The prevalence of NAFLD has increased in parallel with the prevalence of obesity, T2DM and metabolic syndrome (MS) worldwide. This is primarily due to lifestyle changes, which have led to a subsequent rise in morbidity and mortality caused by hepatic and cardiovascular diseases. MS, which encompasses obesity, systemic arterial hypertension (SAH), and T2DM, is widely recognized as a significant risk factor for multiorgan damage, including involvement of cardiovascular and renal system [2].

Recent studies have estimated that 20%–25% of individuals with NAFLD also have chronic kidney disease (CKD) and share common risk factors with obesity, T2DM, SAH and MS. However, the independent role of NAFLD in the development of CKD, which defined as a glomerular filtration rate of <60 mL/min/1.73 m, remains under discussion, and will be the focus of this paper [3,4].

Renal alterations resulting from obesity, SAH and T2DM are well known. Obesity is an independent risk factor for CKD and is associated with proteinuria and pathological findings such as podocyte hypertrophy and focal segmental glomerular sclerosis, even in the absence of SAH. It also contributes to CKD by increasing pressure transmitted to intraglomerular capillaries, leading to glomerulosclerosis and loss of renal function. Therefore, SAH and T2DM represent confounding factors in the evaluation of a patient with NAFLD who develops CKD [5,6].

Sinn et al. [7] conducted a retrospective cohort study involving 41,430 individuals without CKD and observed that CKD occurred more frequently in individuals with NAFLD than in those without NAFLD. This association remained even after adjusting for traditional risk factors and potential metabolic mediators. Moreover, the association between NAFLD and incident CKD was found to be stronger in participants with liver fibrosis than in those without. Based on these findings the authors hypothesized that NAFLD with fibrosis may be an independent risk factor for the development of CKD.

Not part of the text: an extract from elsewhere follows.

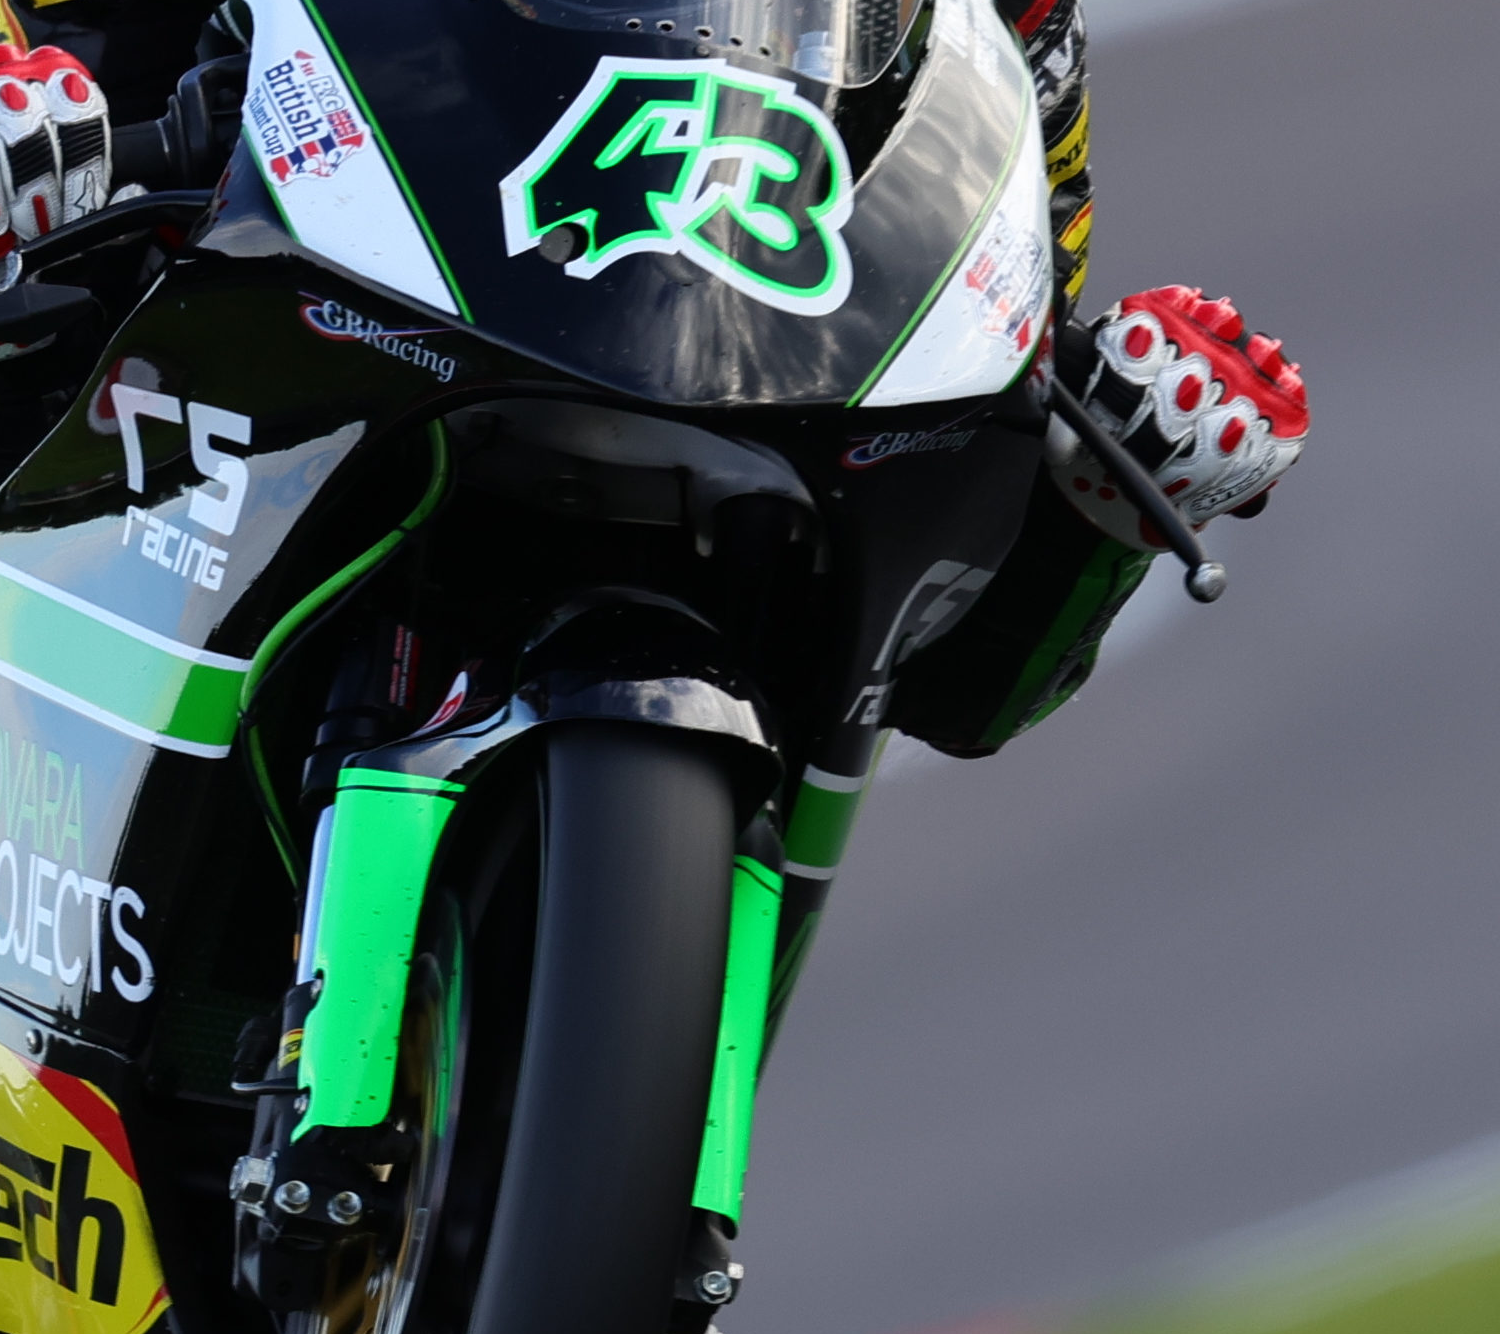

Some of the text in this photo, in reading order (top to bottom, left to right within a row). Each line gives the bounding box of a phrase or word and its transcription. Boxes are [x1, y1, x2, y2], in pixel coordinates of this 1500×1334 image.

[244, 86, 285, 157] Talent Cup
[263, 59, 323, 140] British
[307, 74, 347, 115] R&G
[501, 57, 853, 317] 43

The pathogenesis of NAFLD is multifactorial and encompasses genetic and environmental factors, as well as insulin resistance, oxidative stress and intestinal dysbiosis. The pathogenic mechanisms affecting NAFLD and CKD development are not well understood, however, these various factors may contribute to the association of both diseases [2,6,8].

A genetics study conducted on NAFLD demonstrated that the PNPLA3 gene variant (patatin-like phospholipase domain-containing 3 gene) is an independent risk factor for NAFLD but also for severe liver diseases within the NAFLD spectrum, such as nonalcoholic steatohepatitisn (NASH), cirrhosis, and HCC. Recent data have shown an association between the development of CKD in children and adults with NAFLD, regardless of the presence of traditional risk factors for CKD and severity of NAFLD. This association is particularly observed in individuals which carry the PNPLA3 gene variant (PNPLA3/148 M rs738409) [9].

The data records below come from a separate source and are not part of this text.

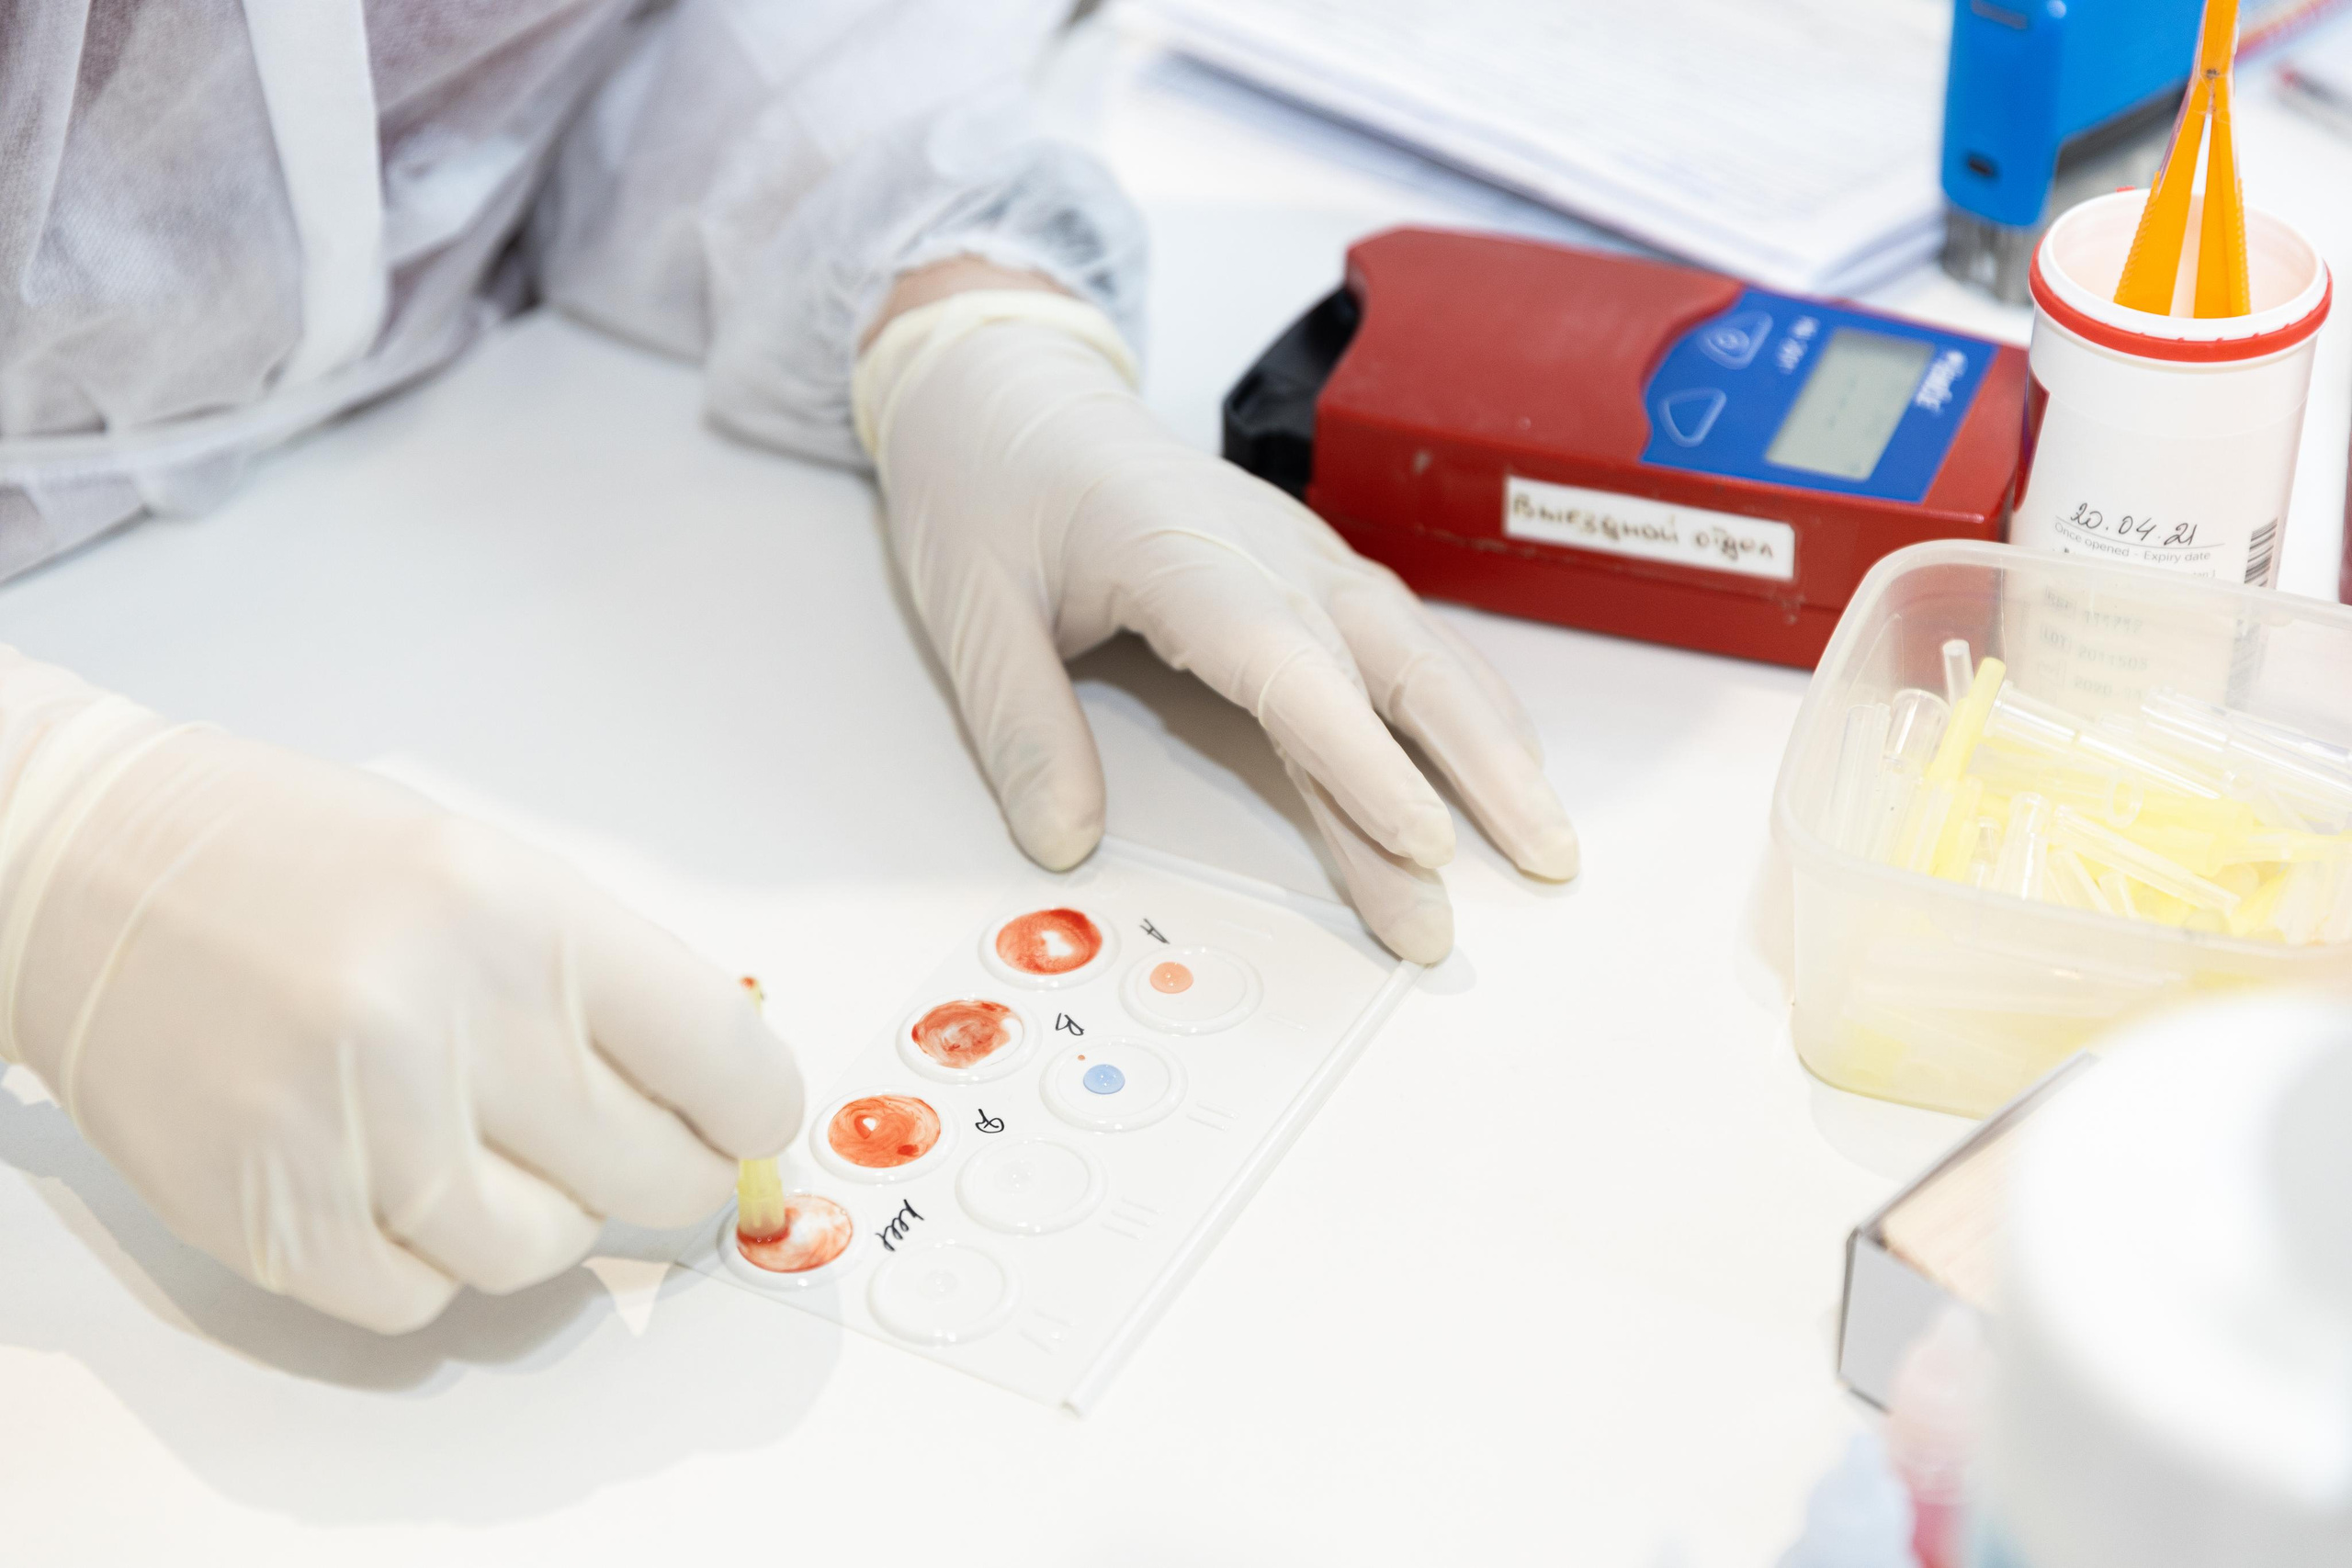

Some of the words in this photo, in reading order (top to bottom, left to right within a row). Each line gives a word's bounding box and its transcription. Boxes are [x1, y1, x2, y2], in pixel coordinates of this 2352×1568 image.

[2054, 521, 2082, 544] Once
[2085, 537, 2130, 558] opened
[2143, 550, 2184, 565] Expiry
[2184, 551, 2211, 562] date
[1139, 919, 1170, 944] A
[1056, 1013, 1085, 1036] B

The influence of oxidative stress on the development of CKD in patients with NAFLD has also been a topic of discussion. Oxidative stress and cellular aging are believed to play a role as potential mediators in the pathogenesis of both diseases. The presence of increased visceral adiposity leads to the production of reactive oxygen species, which in turn reduces the antioxidant capacity within the body. This alteration in the inflammatory cascade impacts adipocytes in the liver and kidneys and is significantly associated with organ dysfunction [10].

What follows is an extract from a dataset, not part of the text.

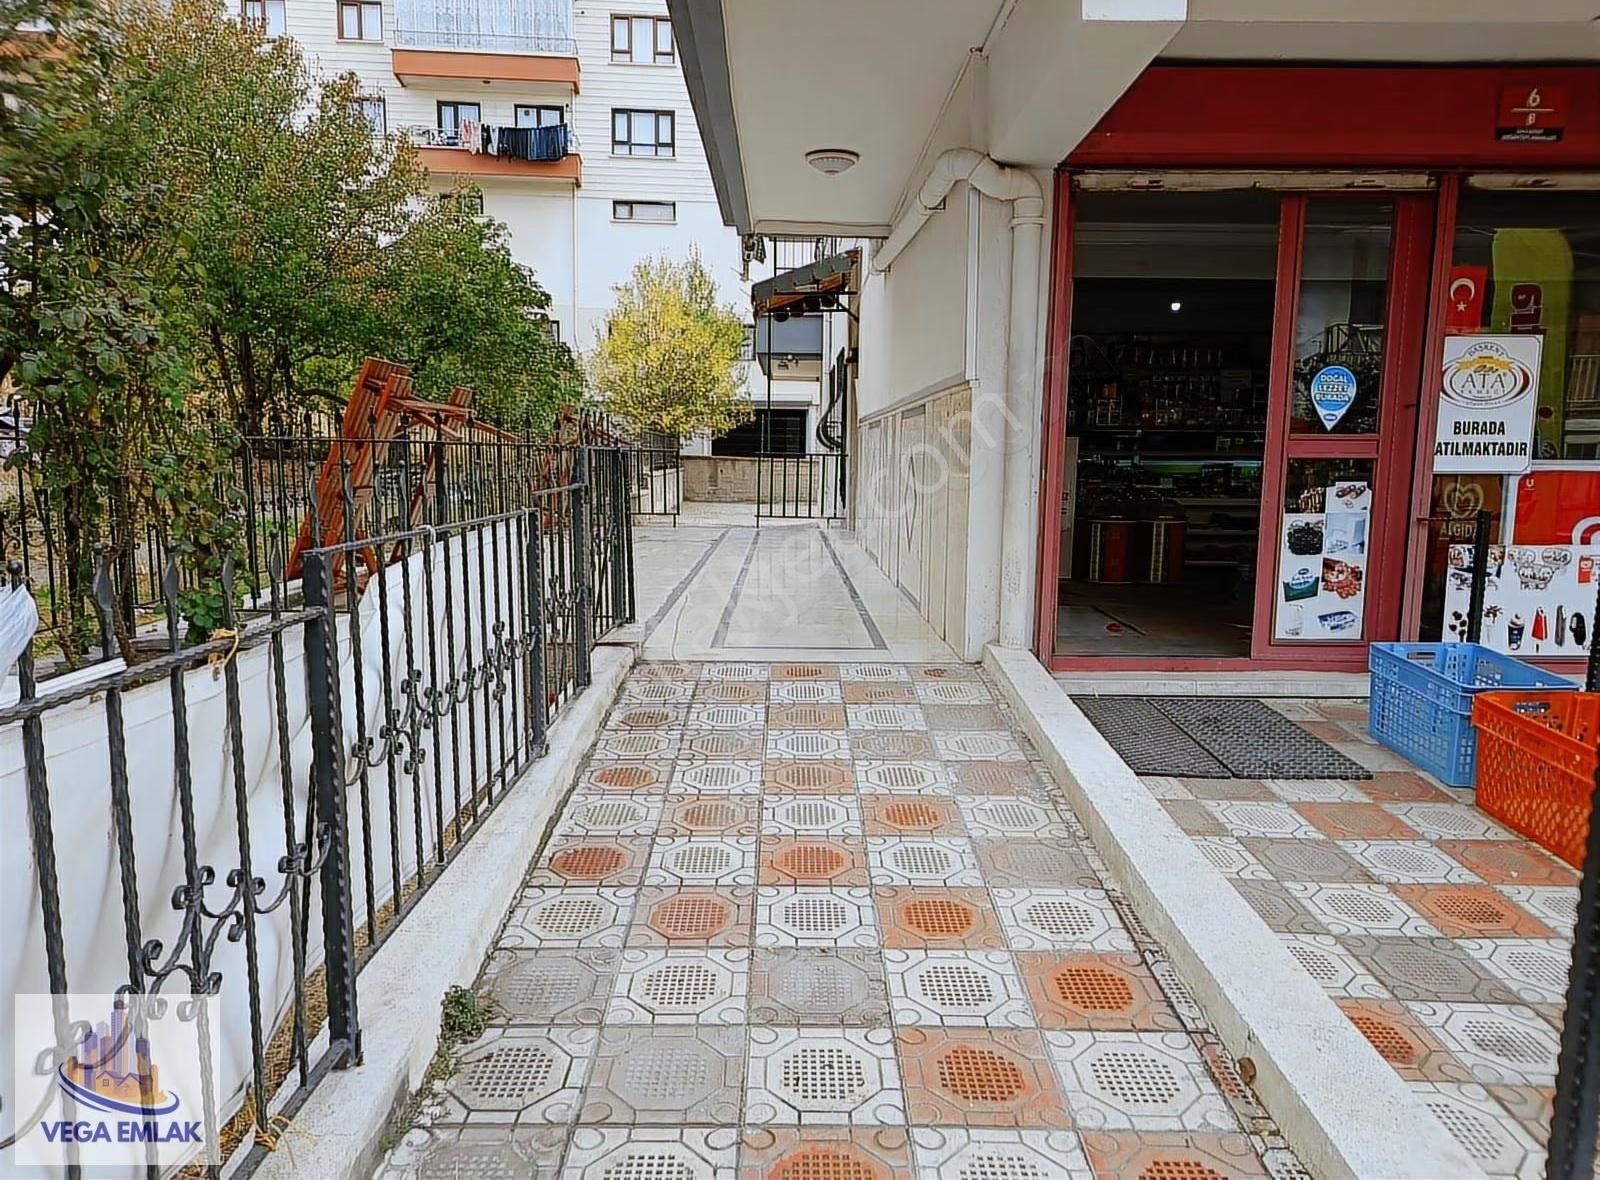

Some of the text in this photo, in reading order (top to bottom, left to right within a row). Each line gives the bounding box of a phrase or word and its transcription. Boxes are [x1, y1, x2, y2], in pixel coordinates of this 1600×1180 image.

[1527, 88, 1540, 107] 6
[1461, 373, 1505, 389] ATA
[1453, 421, 1505, 435] BURADA
[1435, 442, 1528, 456] ATILMAKTADIR

In recent years, there has been growing evidence implicating intestinal dysbiosis in the pathogenesis of NAFLD and CKD. Alterations in the composition of intestinal bacteria can disrupt proinflammatory and metabolic mechanisms, resulting in the production of toxins that can cause damage to the liver and kidneys [11].

Liver fibrosis has also been recognized as a predisposing factor for the development of CKD in patients with NAFLD. Several studies have shown an association between a more advanced degree of hepatic fibrosis and a higher prevalence of CKD [12,13]. Musso G. et al. (8) conducted a meta-analysis to investigate the association between the severity of NAFLD and the presence and severity of CKD. They analyzed 33 studies (63,902 participants) and found that NAFLD was associated with an increased risk of prevalent CKD and incident. NASH was associated with a higher prevalence and incidence of CKD compared to simple steatosis. However, the authors admitted the limitations of the included studies, such as the small size of studies utilizing liver histology and the suboptimal sensitivity of ultrasound and biochemistry for NAFLD detection in population-based studies.

Considering the wide range of histological changes seen in NAFLD, monitoring strategies for individuals with this condition aim to identify patients with a liver fibrosis of ≥2. While there is no definitive consensus in the literature regarding the optimal method to identify these patients, a combined assessment utilizing noninvasive marker such as the FIB-4 score and/or transient hepatic elastography can help to reduce the misclassification of liver fibrosis [14].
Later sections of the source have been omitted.